Records for the exercise START
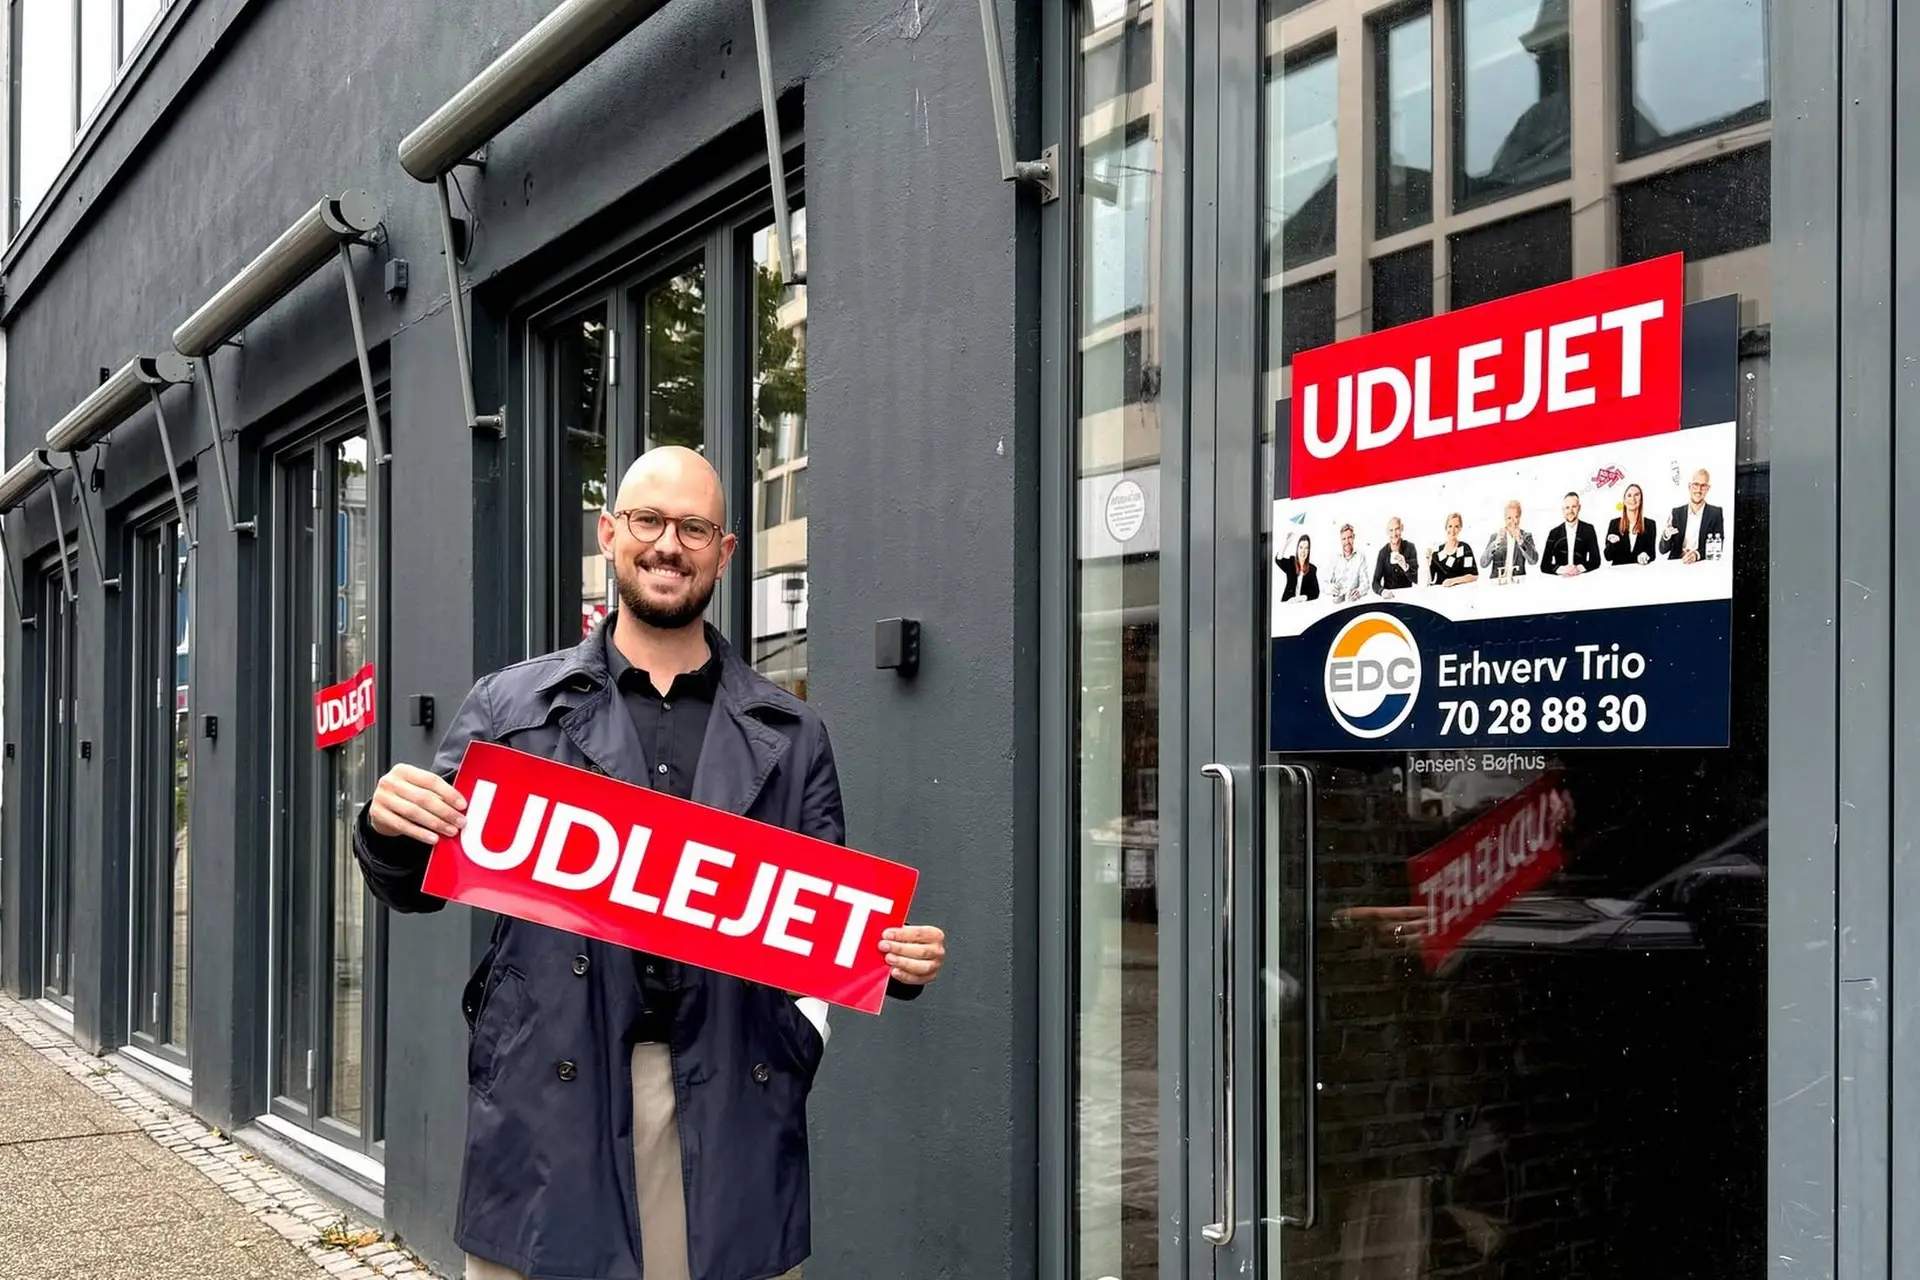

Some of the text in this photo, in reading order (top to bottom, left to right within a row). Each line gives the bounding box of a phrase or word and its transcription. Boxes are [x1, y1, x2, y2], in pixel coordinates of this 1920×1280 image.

[1303, 300, 1665, 459] UDLEJET
[1329, 657, 1415, 693] EDC
[1438, 643, 1646, 688] Erhverv Trio
[1438, 694, 1647, 735] 70 28 88 30
[1408, 753, 1546, 774] Jensen's Bøfhus
[460, 780, 894, 969] UDLEJET
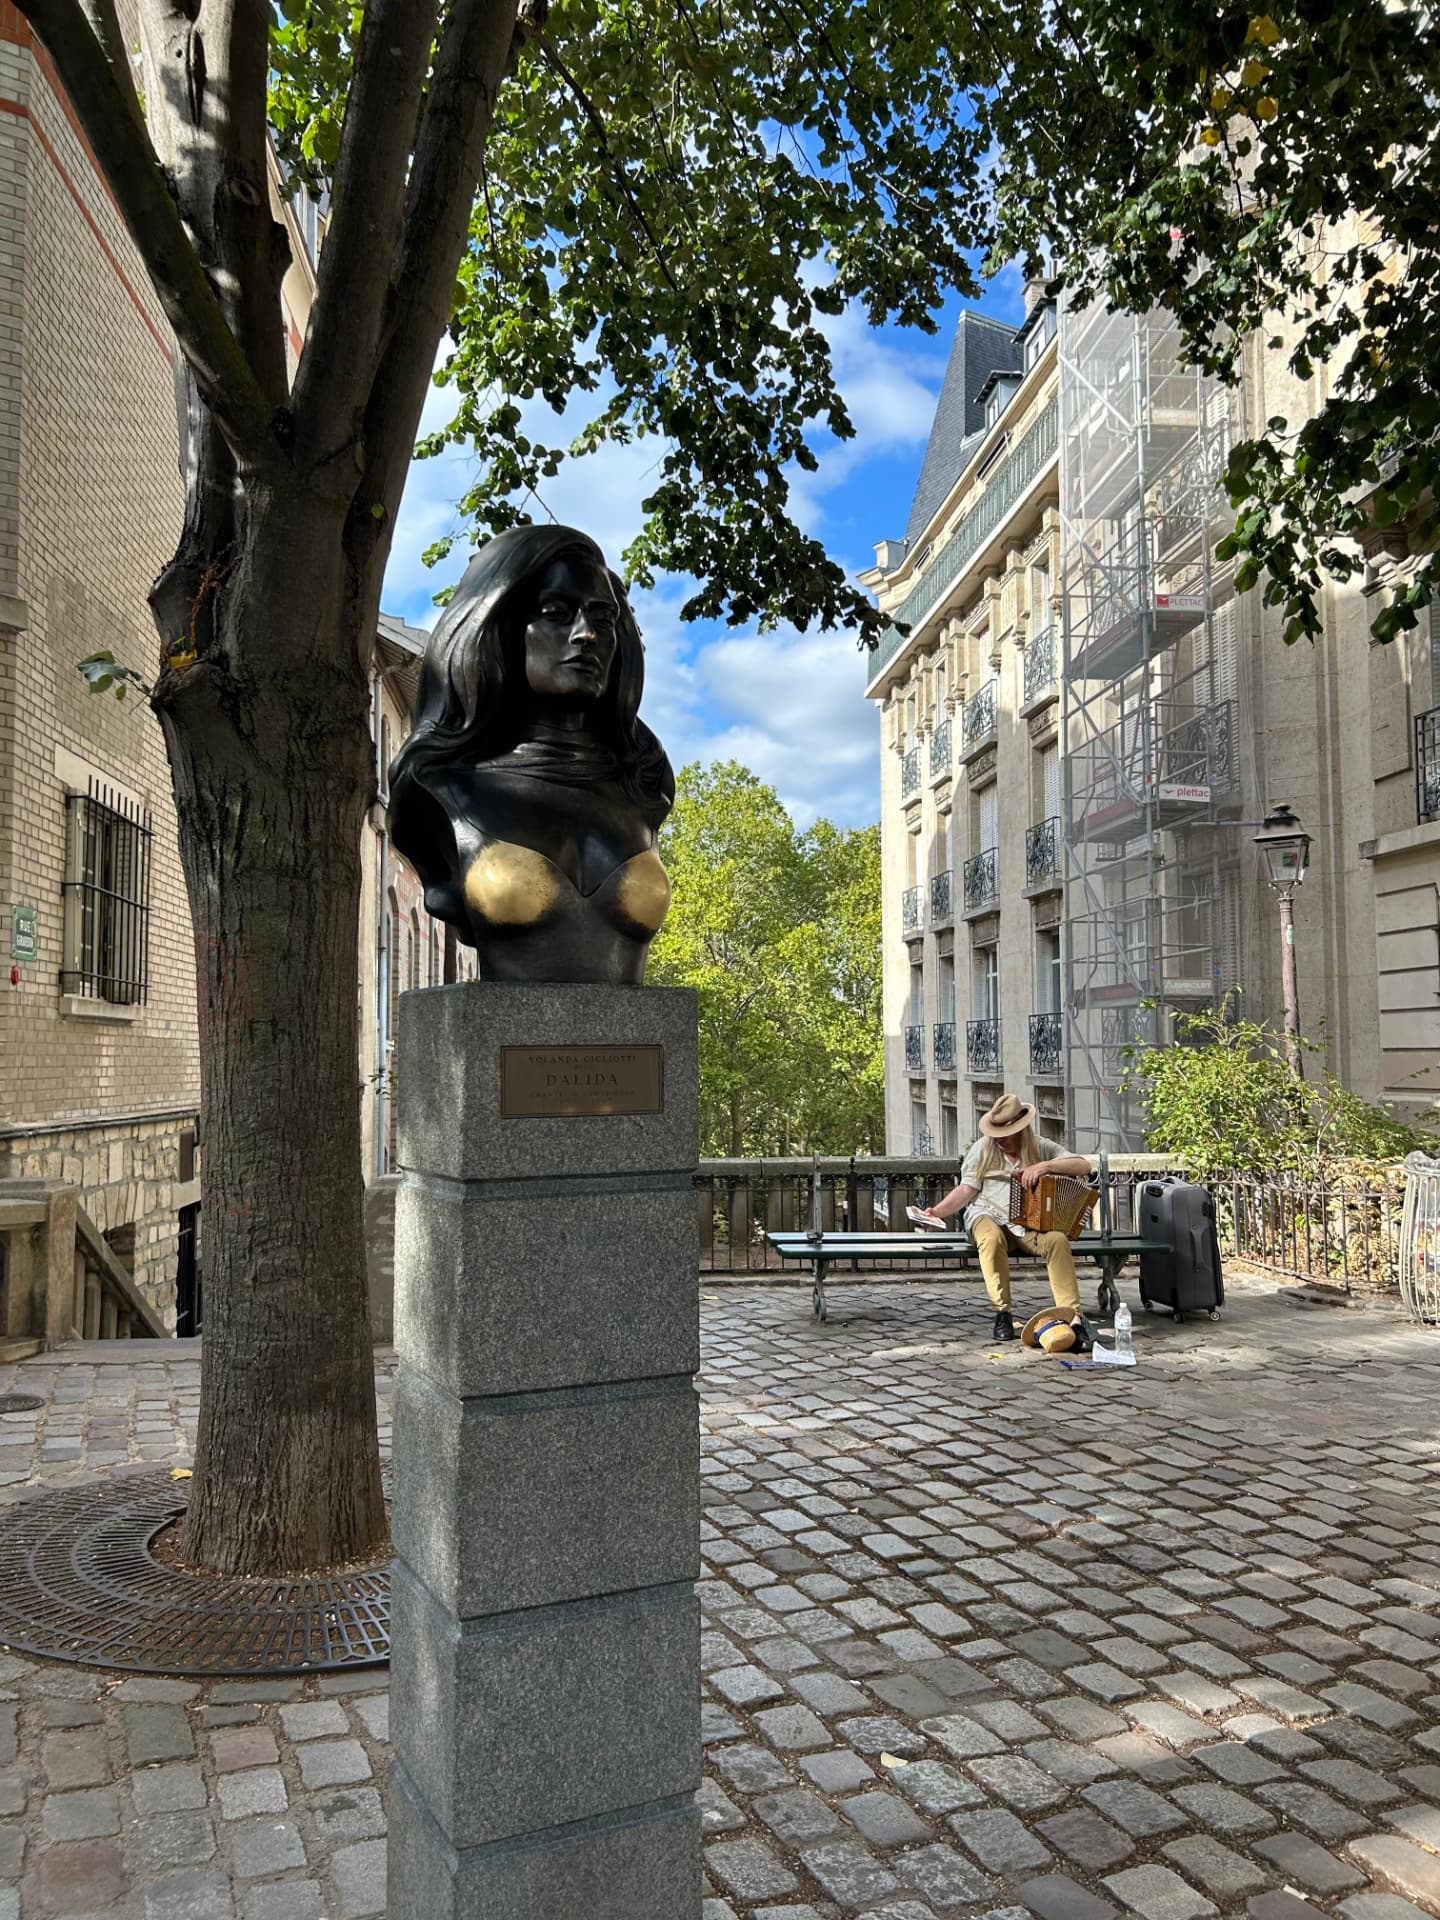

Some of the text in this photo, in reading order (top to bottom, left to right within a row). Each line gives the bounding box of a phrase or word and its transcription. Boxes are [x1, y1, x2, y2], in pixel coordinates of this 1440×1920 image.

[1176, 787, 1209, 798] plettac
[528, 1055, 579, 1064] YOLANDA
[546, 1073, 618, 1086] DALIDA
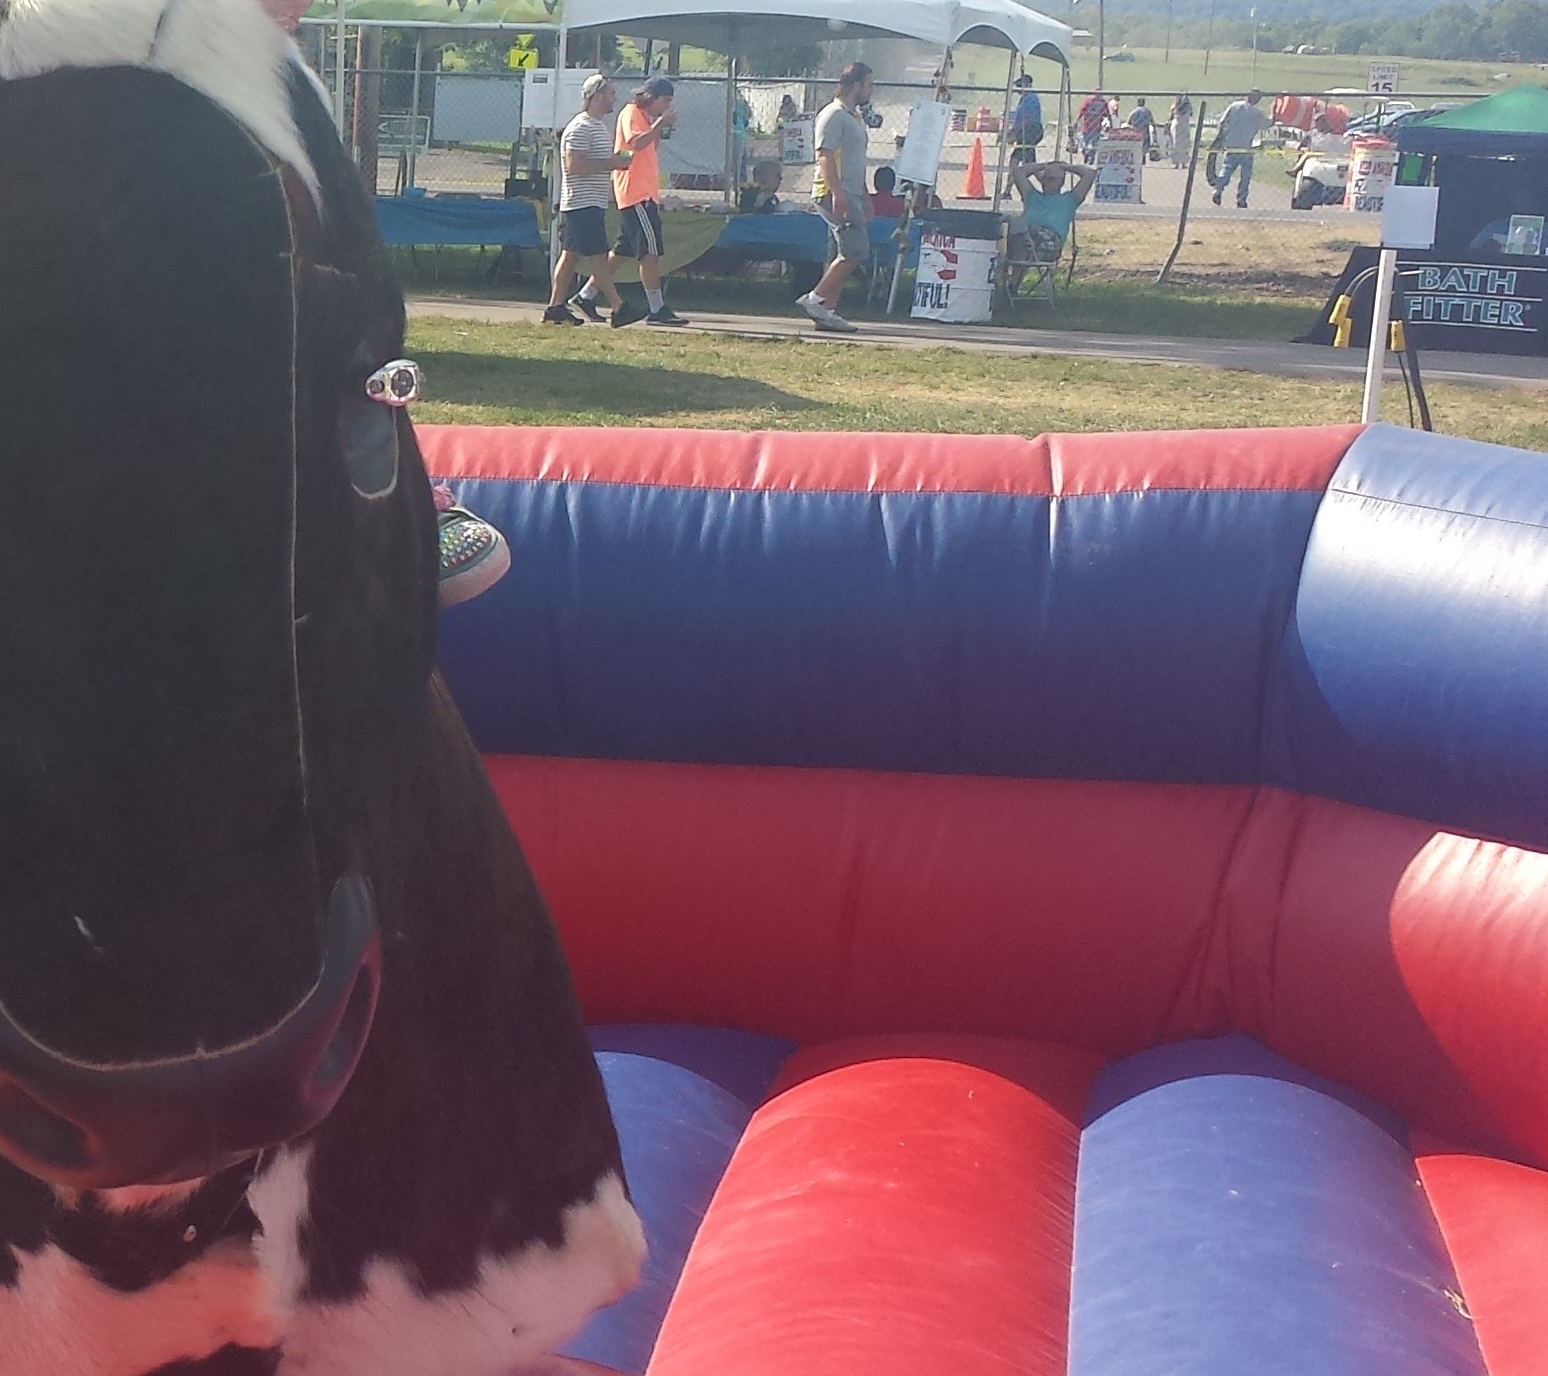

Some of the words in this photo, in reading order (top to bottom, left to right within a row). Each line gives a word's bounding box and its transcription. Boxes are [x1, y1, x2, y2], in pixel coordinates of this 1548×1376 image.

[1371, 82, 1393, 92] 15
[1418, 266, 1517, 295] BATH
[1404, 296, 1525, 326] FITTER
Records for the exercise END
→ **Work item**: Output all the data above verbatim, leaving out images.

→ **Expected answer**:
Some of the text in this photo, in reading order (top to bottom, left to right within a row). Each line gives the bounding box of a phrase or word and its transcription. Boxes are [x1, y1, x2, y2], in pixel coordinates of this 1920×1280 image.

[1303, 300, 1665, 459] UDLEJET
[1329, 657, 1415, 693] EDC
[1438, 643, 1646, 688] Erhverv Trio
[1438, 694, 1647, 735] 70 28 88 30
[1408, 753, 1546, 774] Jensen's Bøfhus
[460, 780, 894, 969] UDLEJET

Some of the text in this photo, in reading order (top to bottom, left to right within a row). Each line gives the bounding box of a phrase or word and its transcription. Boxes are [x1, y1, x2, y2], in pixel coordinates of this 1440×1920 image.

[1176, 787, 1209, 798] plettac
[528, 1055, 579, 1064] YOLANDA
[546, 1073, 618, 1086] DALIDA

Some of the words in this photo, in reading order (top to bottom, left to right within a row). Each line gives a word's bounding box and its transcription. Boxes are [x1, y1, x2, y2], in pixel coordinates of this 1548×1376 image.

[1371, 82, 1393, 92] 15
[1418, 266, 1517, 295] BATH
[1404, 296, 1525, 326] FITTER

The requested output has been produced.